As I said in previous post the formal definition of the Riemann Integral is very useful when solving Olympiad problems.

Problem 1. Find the following limit $\lim_{n\to\infty}\left(\frac{1}{n+1}+\frac{1}{n+2}+...+\frac{1}{2n}\right)$

Solution. Let try to make our sum into something more or less similar to Riemann sum. $\sum_{i=1}^n\frac{1}{n+i}=\frac{1}{n}\left(\sum_{i=1}^n\frac{1}{1+\frac{i}{n}}\right).$

Does this remind you of the monstrous $$\displaystyle\sum_{i=1}^n f(\xi_i)(x_i-x_{i-1})$$? But what if set $$x_i=\dfrac{i}{n}$$ and consider the right Riemann sum? Now it will transform into $$\dfrac{1}{n}\left(\displaystyle\sum_{i=1}^n f\left(\dfrac{i}{n}\right)\right)$$.
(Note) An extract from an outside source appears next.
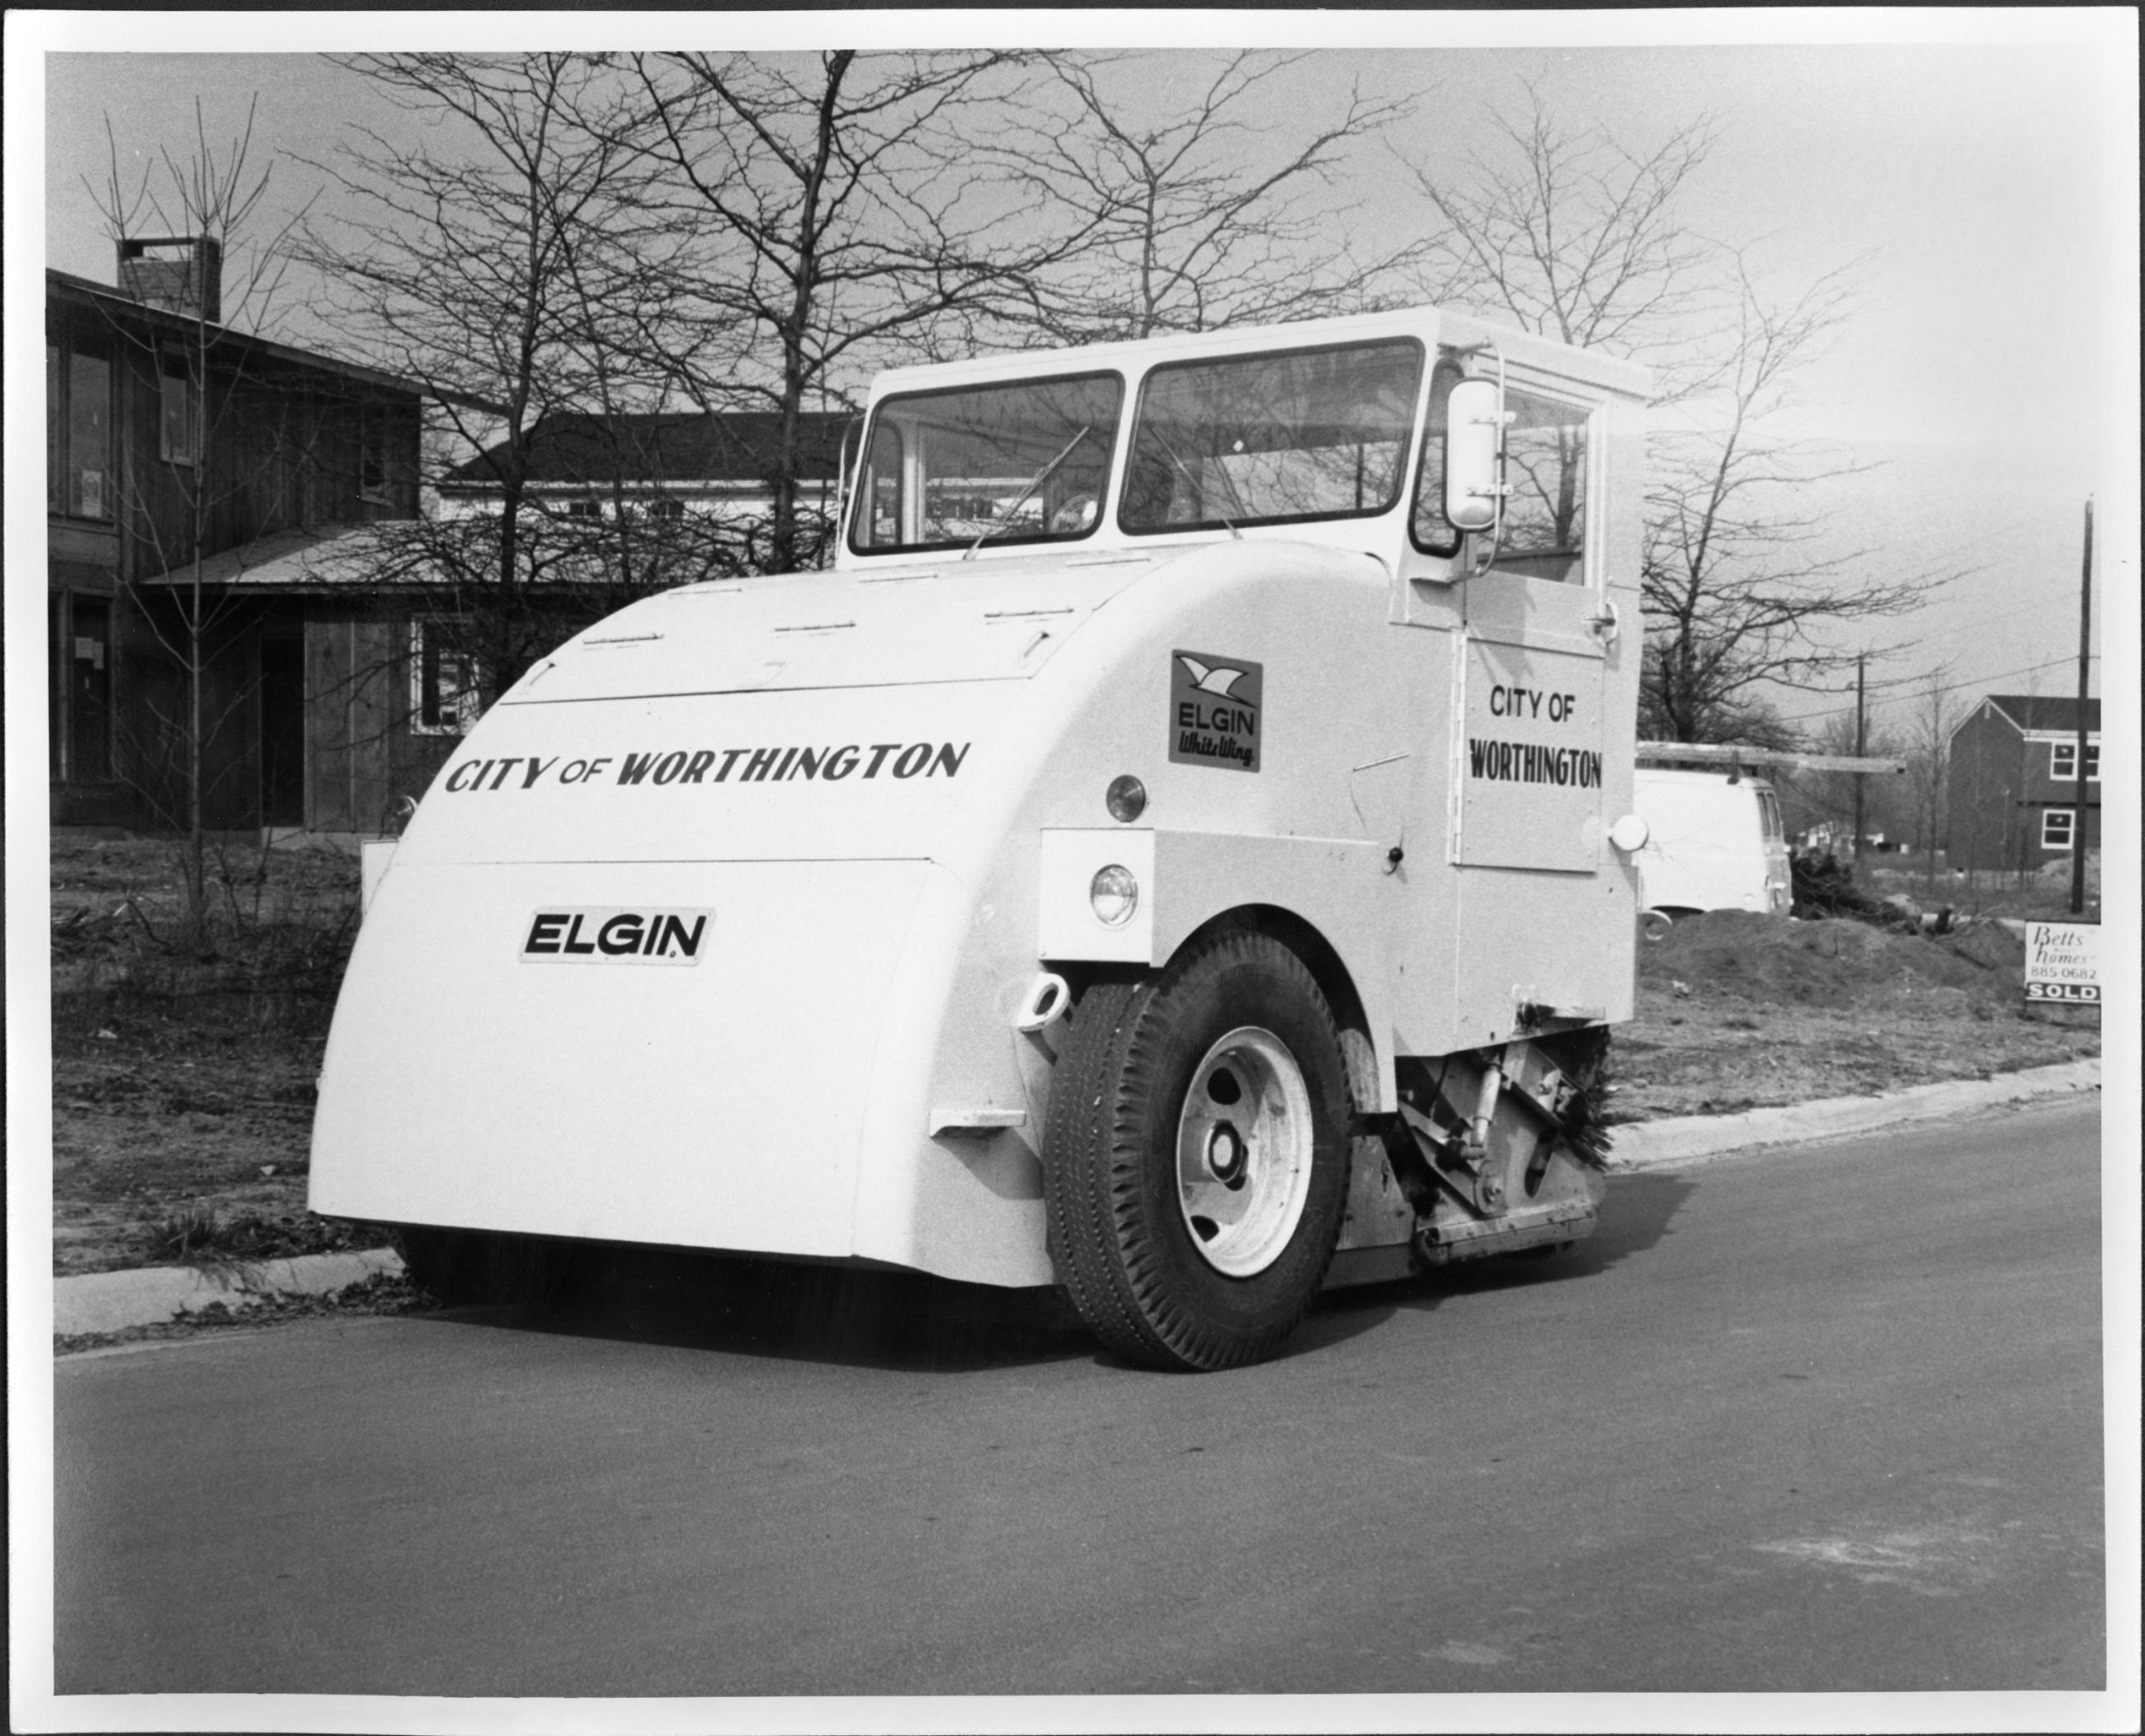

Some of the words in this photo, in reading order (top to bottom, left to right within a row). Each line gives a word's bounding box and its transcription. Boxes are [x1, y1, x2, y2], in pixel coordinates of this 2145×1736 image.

From the last formula we can easily understand what function $$f$$ we need to consider, so by the definition: $\lim_{n\to\infty}\left(\frac{1}{n+1}+\frac{1}{n+2}+...+\frac{1}{2n}\right)=\frac{1}{n}\left(\sum_{i=1}^n\frac{1}{1+\frac{i}{n}}\right)=$ $=\dfrac{1}{n}\left(\displaystyle\sum_{i=1}^n f\left(\dfrac{i}{n}\right)\right)=\int^1_0\frac{1}{x+1}=\boxed{\ln 2}.$

Now using the same approach try solving the following problems.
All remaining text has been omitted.